Le Sommet de Biden sur le climat, également connu sous le nom de Sommet des leaders sur le climat, était un événement virtuel qui s’est déroulé du 22 au 23 avril, à l’occasion des célébrations annuelles de la Journée de la Terre. Les 40 dirigeants mondiaux, dont beaucoup venaient des pays les plus pollueurs, ont parlé des efforts d’atténuation du changement climatique en cours dans leurs pays et de certains de leurs projets pour l’avenir. Le président des États-Unis, Joe Biden, a promis de réduire la dépendance de son pays aux combustibles fossiles et d’aider les autres pays à faire de même. Conformément à cette promesse, l’administration Biden s’est engagée à réduire de moitié ses émissions de gaz à effet de serre d’ici à 2030.

Picture taken from the American Institute of Physics (AIP)

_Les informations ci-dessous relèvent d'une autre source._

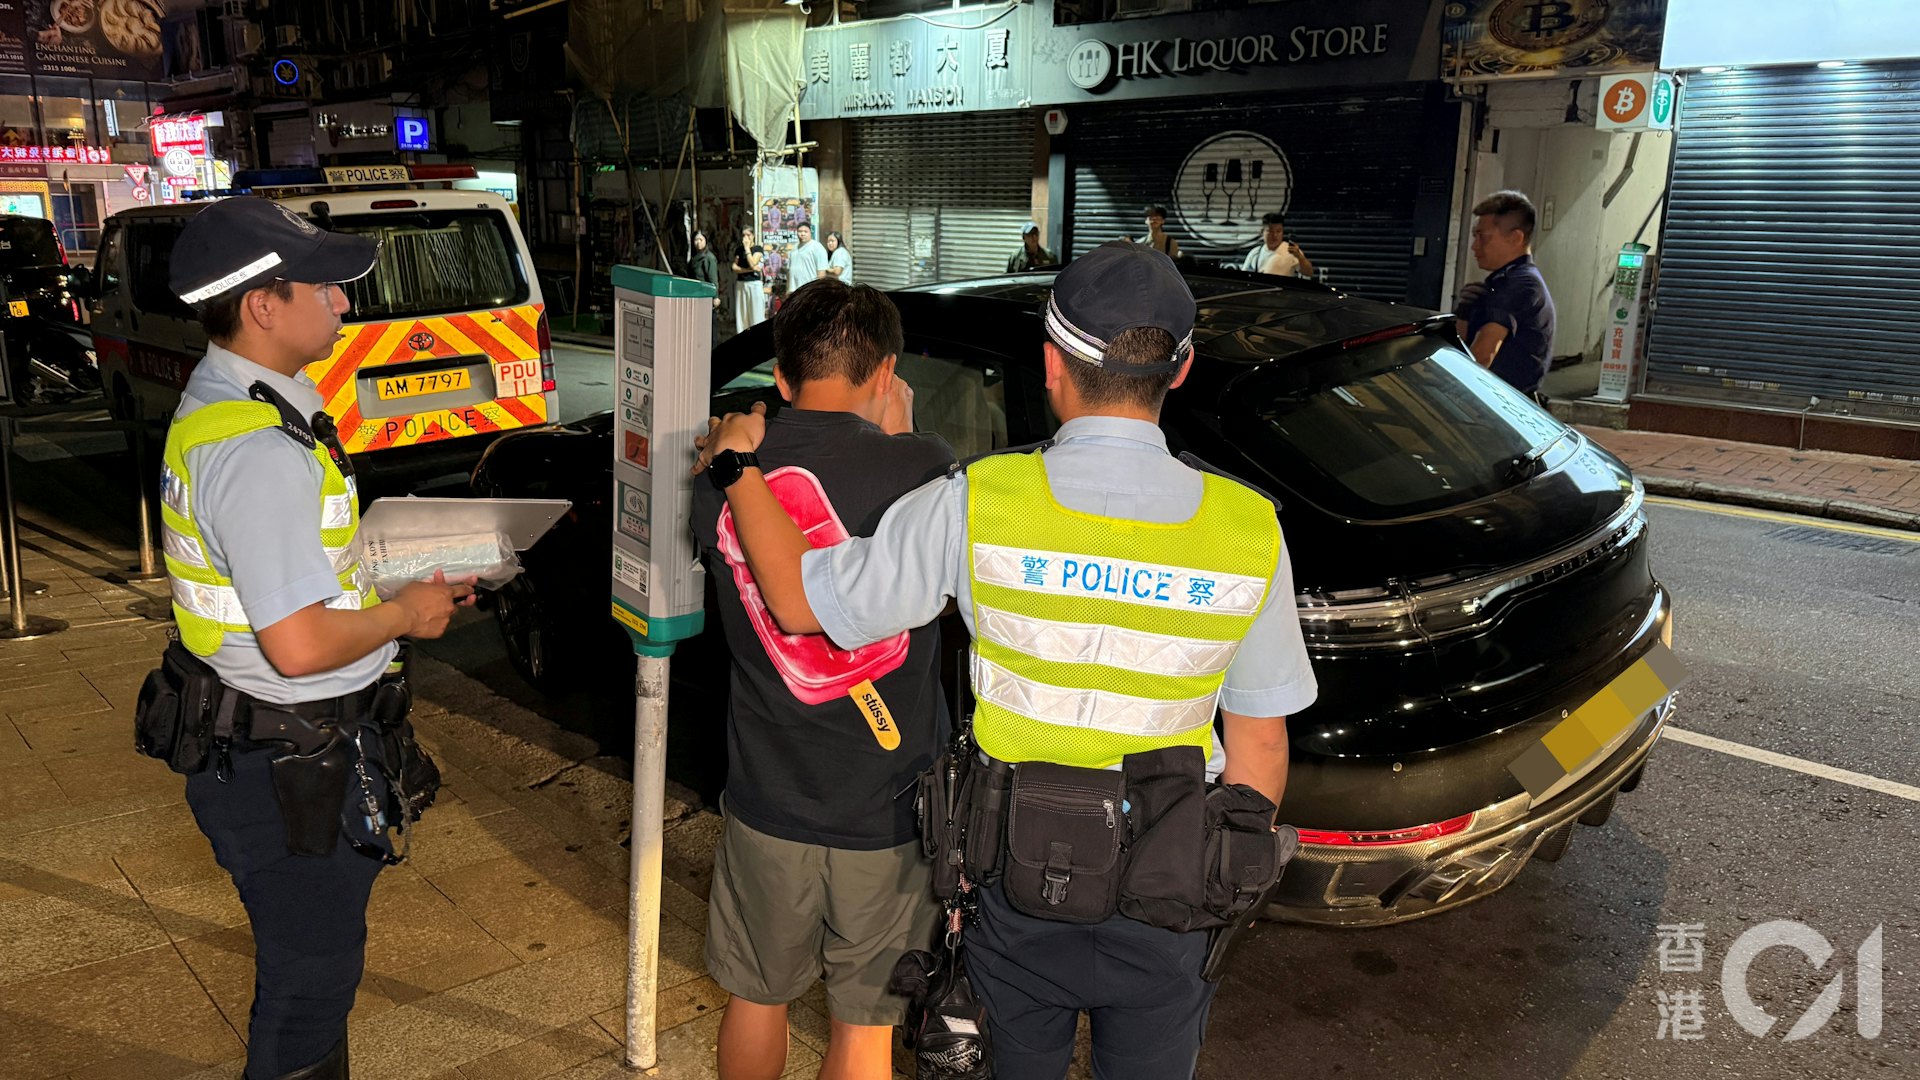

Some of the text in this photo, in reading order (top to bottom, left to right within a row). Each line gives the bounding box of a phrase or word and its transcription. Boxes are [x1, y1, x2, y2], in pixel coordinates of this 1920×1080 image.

Cependant, comme l’a déclaré Brandon Wu, directeur d’ActionAid USA, lors de la conférence de presse internationale pour la justice climatique de la Coalition COP26, “notre analyse montre que la juste part des États-Unis équivaut à une réduction de 195 % des émissions d’ici 2030. Tout ce qui est inférieur à notre part équitable signifie que les États-Unis renonceront à l’objectif de limiter la hausse de la température mondiale à 1,5 degré Celsius, condamnant ainsi des millions de personnes dans le monde à essayer de faire face à des impacts climatiques de plus en plus dévastateurs qu’elles n’ont que peu ou pas du tout provoqués.

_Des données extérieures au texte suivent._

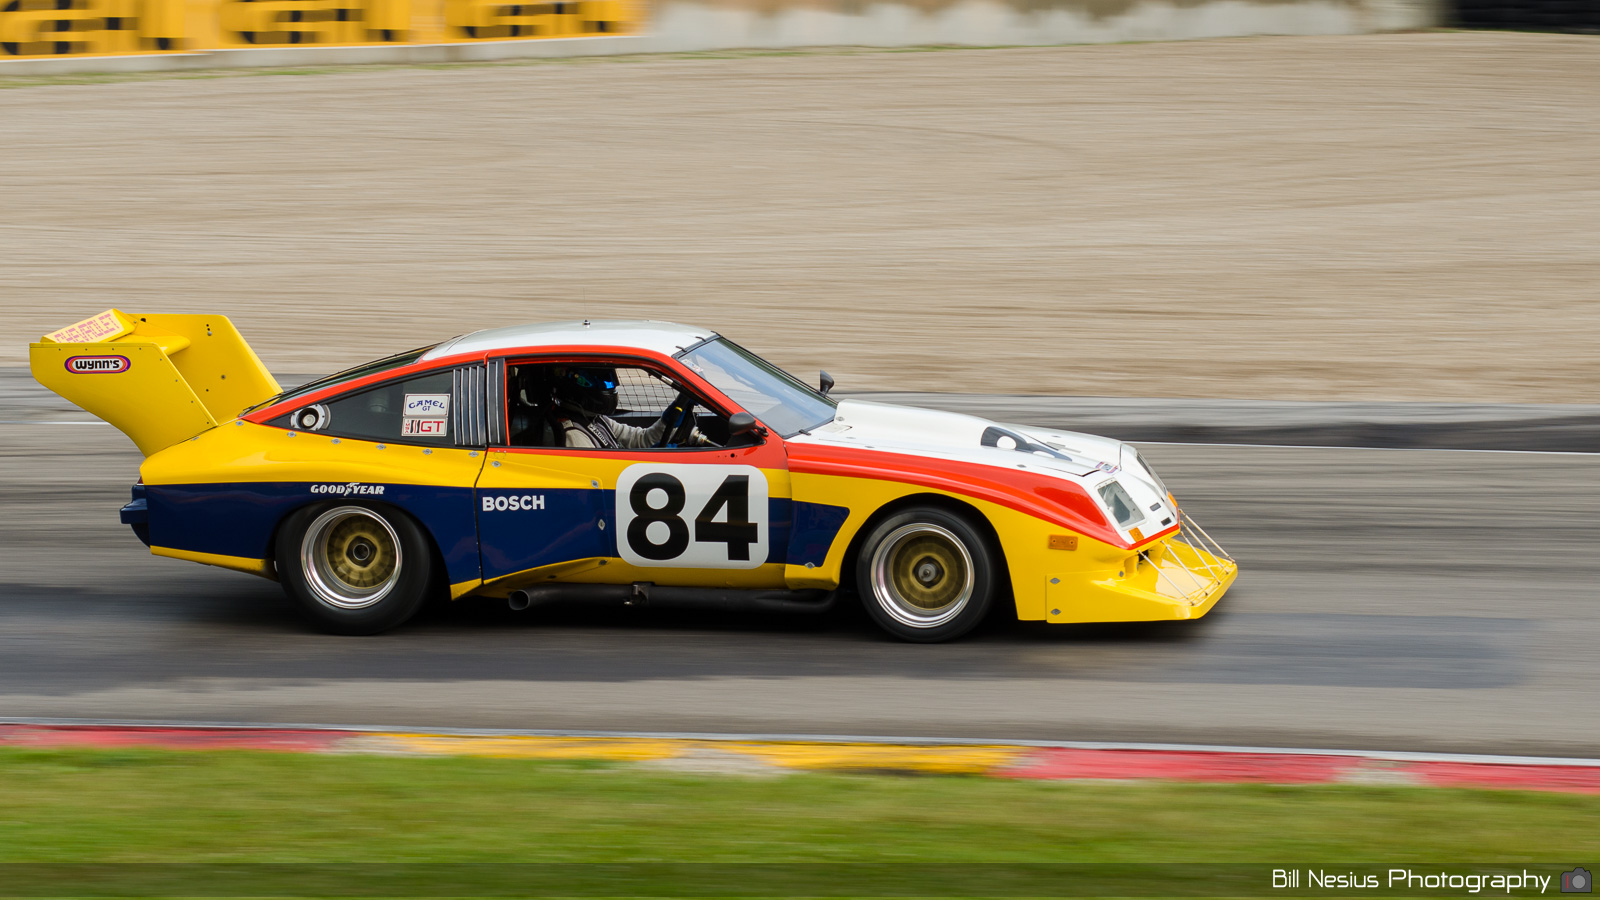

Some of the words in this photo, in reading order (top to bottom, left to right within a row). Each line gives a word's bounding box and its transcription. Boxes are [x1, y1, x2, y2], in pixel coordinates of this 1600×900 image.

[408, 399, 445, 409] CAMEL
[420, 420, 445, 433] GT
[482, 495, 545, 512] BOSCH
[626, 472, 759, 561] 84
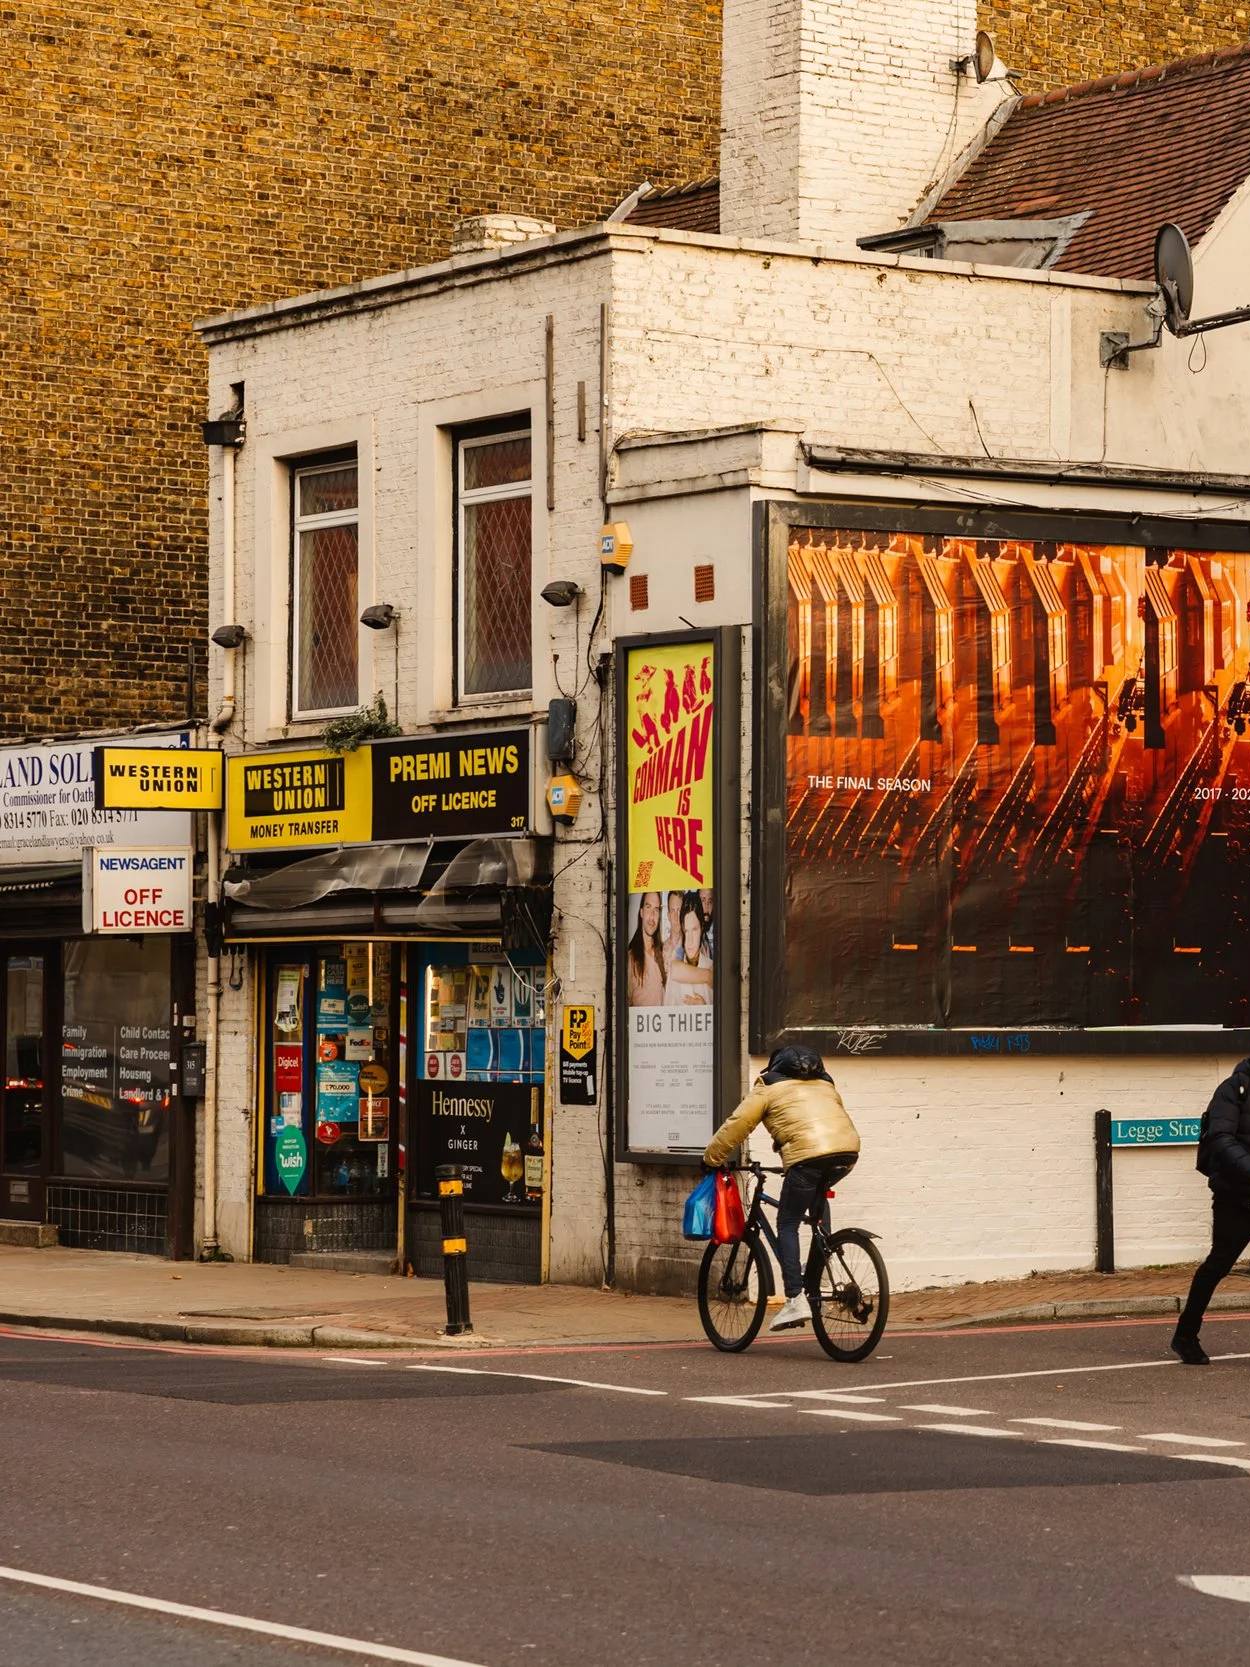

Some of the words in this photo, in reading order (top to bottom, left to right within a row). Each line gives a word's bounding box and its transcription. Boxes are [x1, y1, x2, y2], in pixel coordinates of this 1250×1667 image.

[633, 702, 713, 804] CONMAN
[110, 764, 198, 779] WESTERN
[390, 752, 450, 782] PREMI
[460, 745, 519, 777] NEWS
[0, 756, 43, 789] AND
[246, 764, 325, 790] WESTERN
[140, 780, 198, 793] UNION
[808, 776, 834, 789] THE
[837, 776, 874, 790] FINAL
[877, 778, 931, 792] SEASON
[3, 792, 57, 808] Commissioner
[59, 789, 70, 805] for
[273, 788, 325, 811] UNION
[412, 795, 437, 813] OFF
[442, 790, 497, 811] LICENCE
[677, 787, 691, 816] IS
[1194, 788, 1222, 800] 2017
[4, 812, 25, 830] 8314
[27, 810, 48, 828] 5770
[50, 809, 69, 826] Fax:
[71, 808, 88, 826] 020
[510, 817, 525, 828] 317
[250, 823, 285, 839] MONEY
[288, 820, 339, 836] TRANSFER
[655, 816, 704, 885] HERE
[100, 858, 186, 870] NEWSAGENT
[124, 889, 163, 906] OFF
[103, 910, 184, 927] LICENCE
[636, 1013, 662, 1033] BIG
[668, 1012, 713, 1032] THIEF
[62, 1026, 87, 1040] Family
[120, 1026, 140, 1039] Child
[570, 1030, 582, 1042] Pay
[62, 1046, 107, 1060] Immigration
[120, 1047, 138, 1060] Care
[569, 1040, 587, 1049] Point
[186, 1061, 196, 1070] 315
[278, 1056, 299, 1070] Digicel
[62, 1065, 108, 1080] Employment
[120, 1068, 152, 1083] Housing
[62, 1085, 84, 1098] Crime
[119, 1088, 154, 1101] Landlord
[155, 1089, 162, 1101] &
[432, 1091, 494, 1123] Hennessy
[1117, 1122, 1163, 1143] Legge
[448, 1139, 478, 1151] GINGER
[280, 1152, 303, 1169] wish

En principe, l’objectif de cette conférence était de réunir les dirigeants du monde entier pour discuter des impacts du changement climatique sur le potentiel de leur pays et de ce qu’ils font et feront à ce sujet. Cependant, seuls 40 pays ont participé à cette conférence, et bon nombre des pays les plus touchés par la crise climatique n’ont pas été invités au sommet. Un plus grand effort doit être fait pour inclure les PANDC (personnes autochtones, noires et de couleur), les MAPA (personnes et zones les plus affectées) et les jeunes dans ces discussions et délégations, car des décisions cruciales sur le présent et l’avenir de notre planète sont prises dans ces espaces. Dans la lutte contre le changement climatique, il est crucial d’inclure tout le monde — et pas seulement les leaders mondiaux — pour jeter les bases d’un avenir durable.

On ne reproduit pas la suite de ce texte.